***** Information provided *****

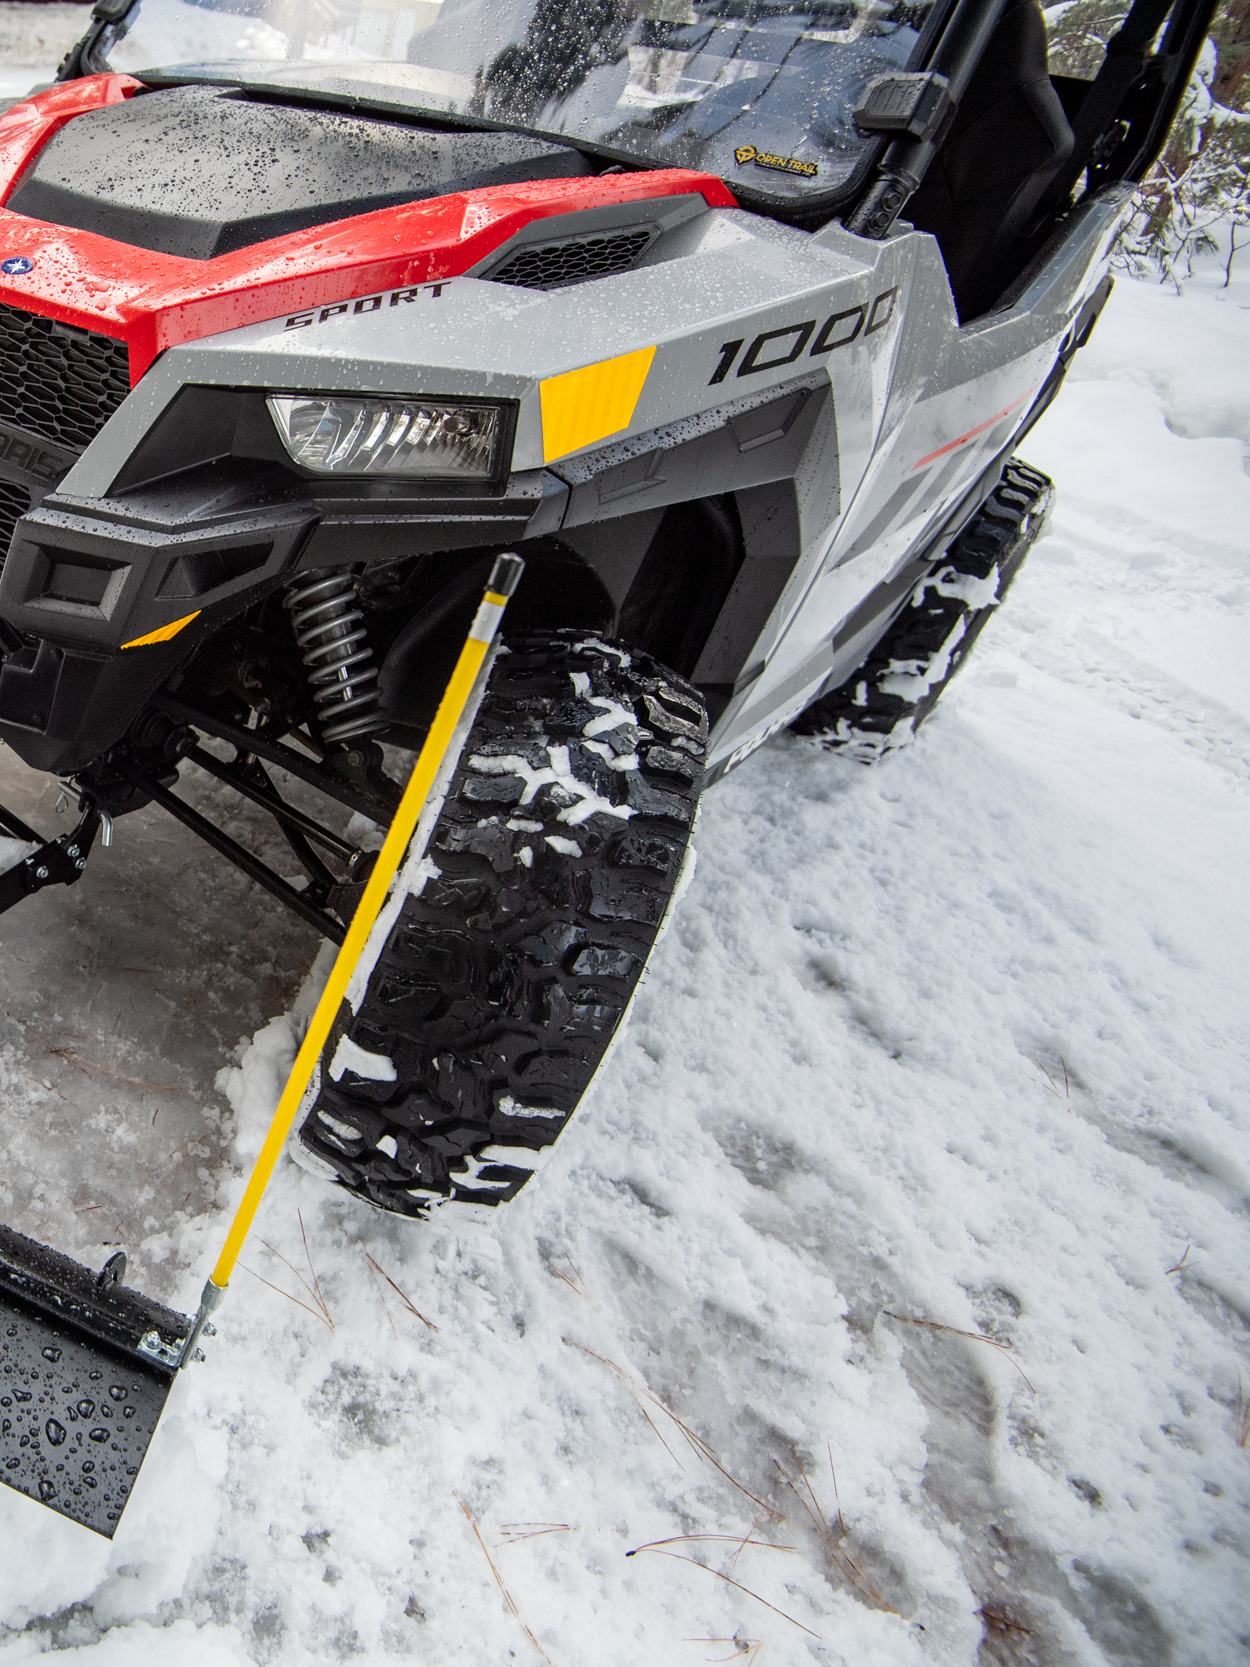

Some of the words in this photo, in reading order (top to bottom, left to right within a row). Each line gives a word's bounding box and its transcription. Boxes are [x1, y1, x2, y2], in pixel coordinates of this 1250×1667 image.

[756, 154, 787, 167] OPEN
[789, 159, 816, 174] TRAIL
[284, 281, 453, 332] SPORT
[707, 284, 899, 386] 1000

*****

Return an exact transcription of the material, with its pictures left out.

Output for this exercise =>
Some of the words in this photo, in reading order (top to bottom, left to right within a row). Each line gives a word's bounding box and its transcription. Boxes are [x1, y1, x2, y2], in pixel coordinates of this 1250×1667 image.

[756, 154, 787, 167] OPEN
[789, 159, 816, 174] TRAIL
[284, 281, 453, 332] SPORT
[707, 284, 899, 386] 1000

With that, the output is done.